Im not saying the problem is constrained to a lack of consultant doctors. Nurses, beds, junior doctors are insufficient as well.

the entire health system should be double the size it currently is. and the rational taxpayer would be happy to pay for it knowing that if they get ill they can get treatment straight away and not just when its an emergency. We also can avoid lockdowns the next time a pandemic happens.

it might also change doctors attitudes about treatment. Not focused enough on preventative treatment (as they dont have time). Too focused on making decisions based on the most probable outcomes rather than the worst case outcome (the most probable outcome doesnt always occur). The former approach is fine for every industry except health. Too focused on sending patients home and marking it off as successful treatment rather then taking the risk averse approach. The KPIs used by some medical teams within hospitals are not only wrong but grossly immoral. lack of resources is the cause.

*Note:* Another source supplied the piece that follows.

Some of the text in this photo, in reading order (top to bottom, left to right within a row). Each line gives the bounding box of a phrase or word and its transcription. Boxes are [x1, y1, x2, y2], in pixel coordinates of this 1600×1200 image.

queues are shorter in the private system because there are more doctors per private patient supply. it should be like that in the public system too. But even in the private system their are major bottlenecks that are caused by lack of supply which push out wait times for too long. They just arent as extreme as the public wait times. And yes there are some doctors with little to do And earning little in pay as a result. Thats not an oversupply problem though. Its a problem created by a poorly operating health system that cant properly allocate its resources.

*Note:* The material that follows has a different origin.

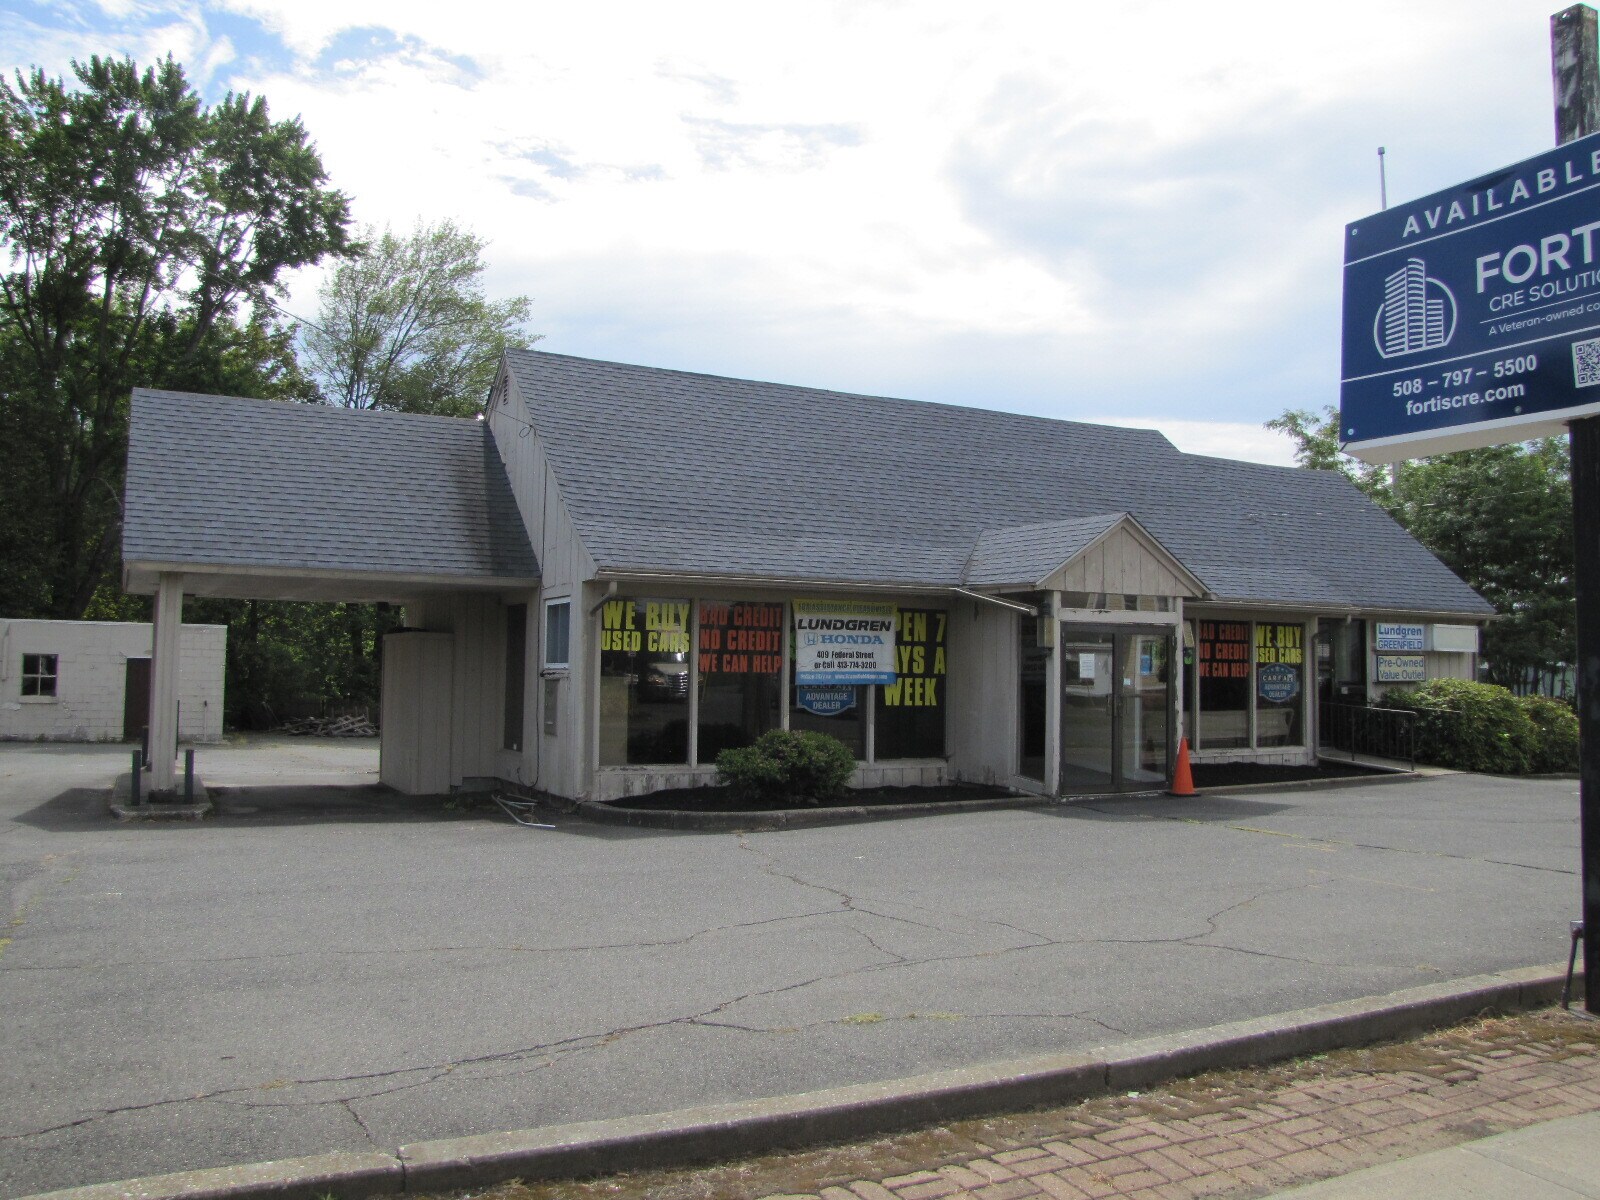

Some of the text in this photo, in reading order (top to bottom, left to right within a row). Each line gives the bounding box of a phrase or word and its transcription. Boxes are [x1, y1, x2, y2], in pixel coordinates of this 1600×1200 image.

Part of the preventative issue a lot of the specialties (surgical, emergency, ICU) are not geared/ trained in preventative medicine. For example my reaction when someone (often sent in by GP or pharmacy) comes in with asymptomatic hypertension (BP say 180 or even 200 +) my reaction is "wtf are you doing in my ED, theres nothing I'm gonna do and if I increase your medication I could drop your blood pressure too fast and cause dizziness and collapse. And if you were admitted (even in the setting of beds galore) I would likely be doing harm (risk of nosocomial infection, DVT etc)"

Last night we had a 96 yr old from residential care with painless urinary bleeding. Had a histroy of prostate cancer, which unsurprisngly causes... painless urinary bleeding. The patient had been sent in pretty much against the better judgement of family (after the 4th time the facility called them; this is a family who do visit the patient every day and didn't think he was distressed or needed to go to hospital). WHen I spoke to the nursing home it appeared that this issue was that the GP wanted an ultrasound and one wasn't going to be available until early JUne, so the facility people thought "the ED will make it happen faster"

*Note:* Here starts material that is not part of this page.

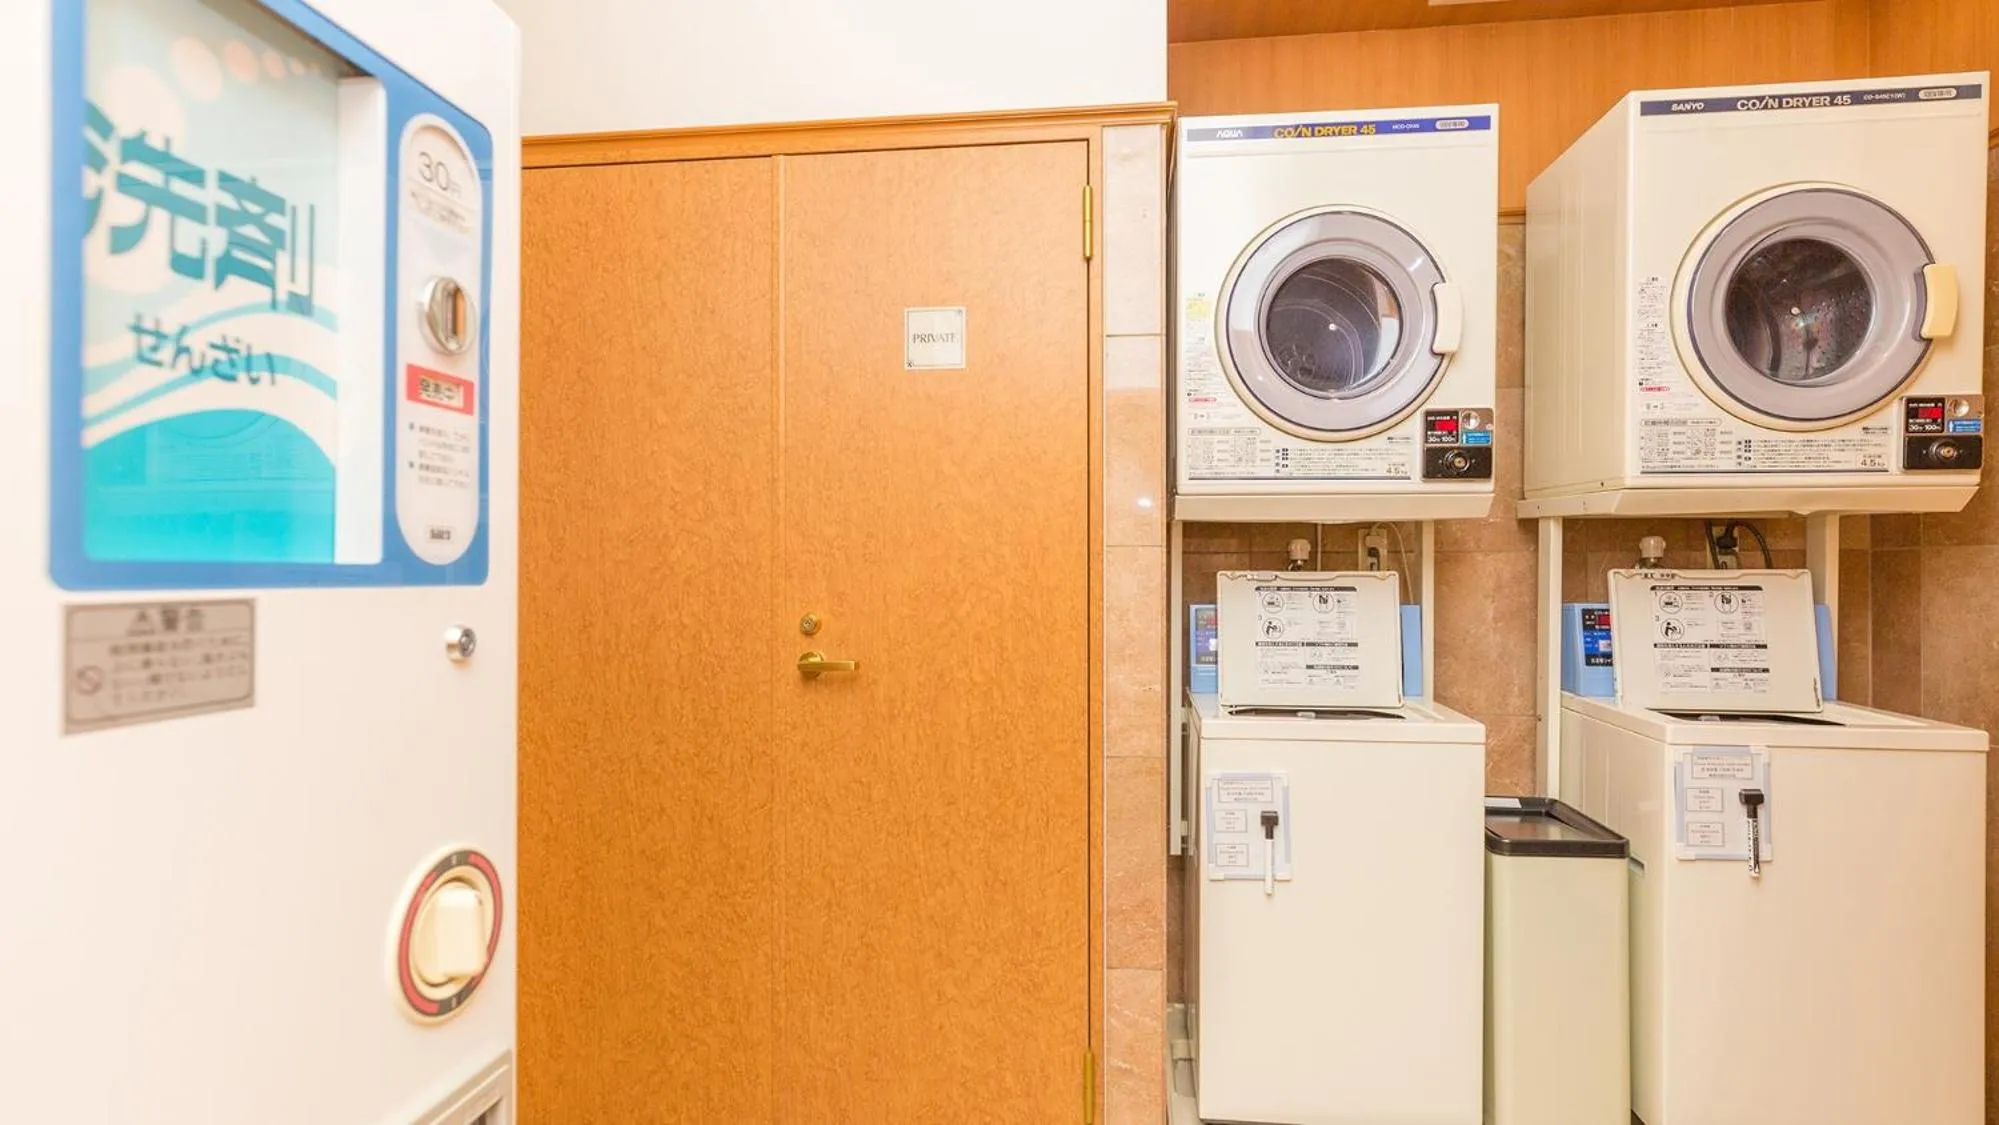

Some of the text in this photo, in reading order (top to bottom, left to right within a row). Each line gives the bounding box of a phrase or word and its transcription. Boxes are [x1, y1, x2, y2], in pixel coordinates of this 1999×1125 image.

Which I did not, I told them there was no way I was going to start the path of investigation on a 96 year old man

And even in the relatively short time he was in ED (3 hours) he arked up multiple times due to dementia, wanting to climb out of bed, sometimes able to be reassured by the fantastically attentive staff member, but it eventually got too dangerous and we had to chemically sedate him. As in get a bunch of security, hold him down and jab him with droperidol.

The ED would be a s**t tonne better off if there was some recognition in the aged care community about when transfer is actually pointless. And risky.